Every entry must be repeated exactly. Exclude all pictures.

***** PROVIDED RECORDS

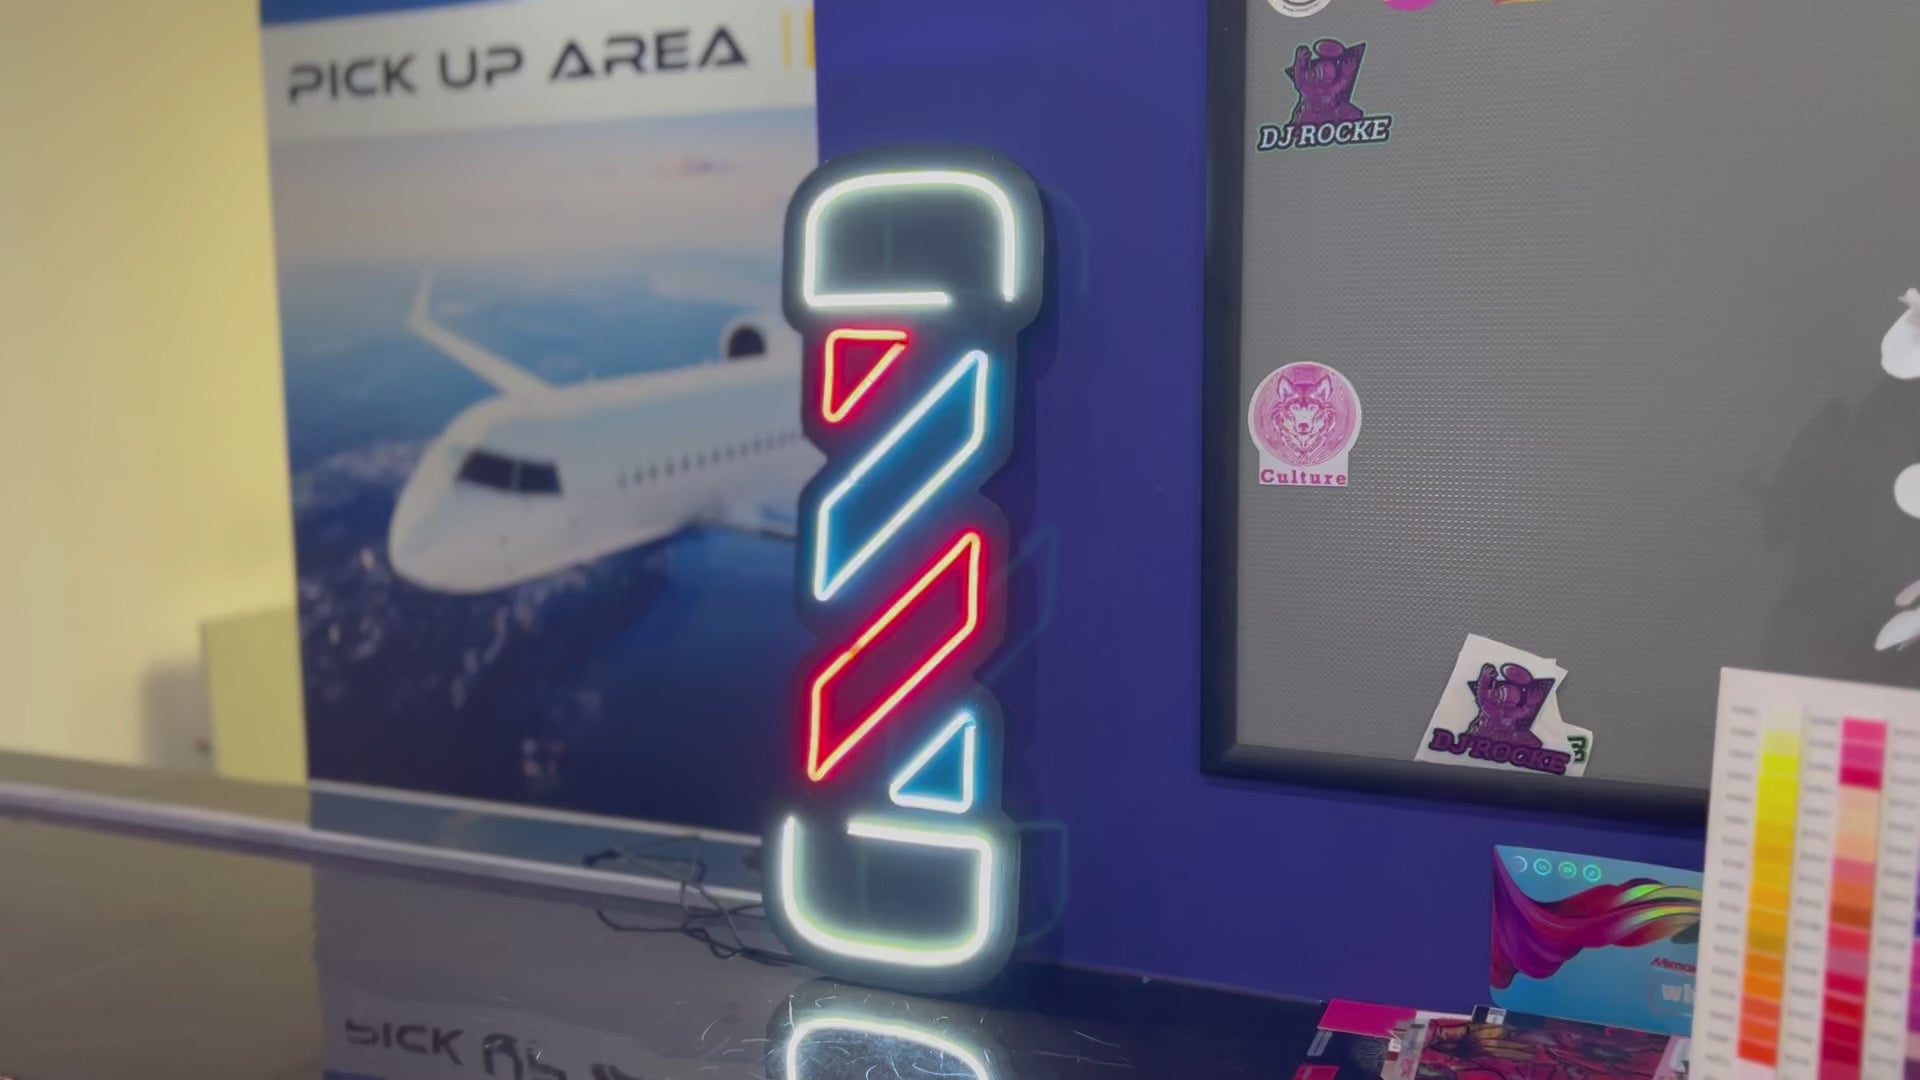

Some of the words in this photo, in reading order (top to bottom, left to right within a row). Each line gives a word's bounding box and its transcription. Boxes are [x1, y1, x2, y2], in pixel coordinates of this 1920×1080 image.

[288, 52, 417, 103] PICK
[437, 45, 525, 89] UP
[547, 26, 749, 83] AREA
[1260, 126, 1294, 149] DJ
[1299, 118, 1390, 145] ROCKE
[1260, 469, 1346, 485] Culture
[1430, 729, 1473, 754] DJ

**********

ANSWER SECTION —
Some of the words in this photo, in reading order (top to bottom, left to right within a row). Each line gives a word's bounding box and its transcription. Boxes are [x1, y1, x2, y2], in pixel coordinates of this 1920×1080 image.

[288, 52, 417, 103] PICK
[437, 45, 525, 89] UP
[547, 26, 749, 83] AREA
[1260, 126, 1294, 149] DJ
[1299, 118, 1390, 145] ROCKE
[1260, 469, 1346, 485] Culture
[1430, 729, 1473, 754] DJ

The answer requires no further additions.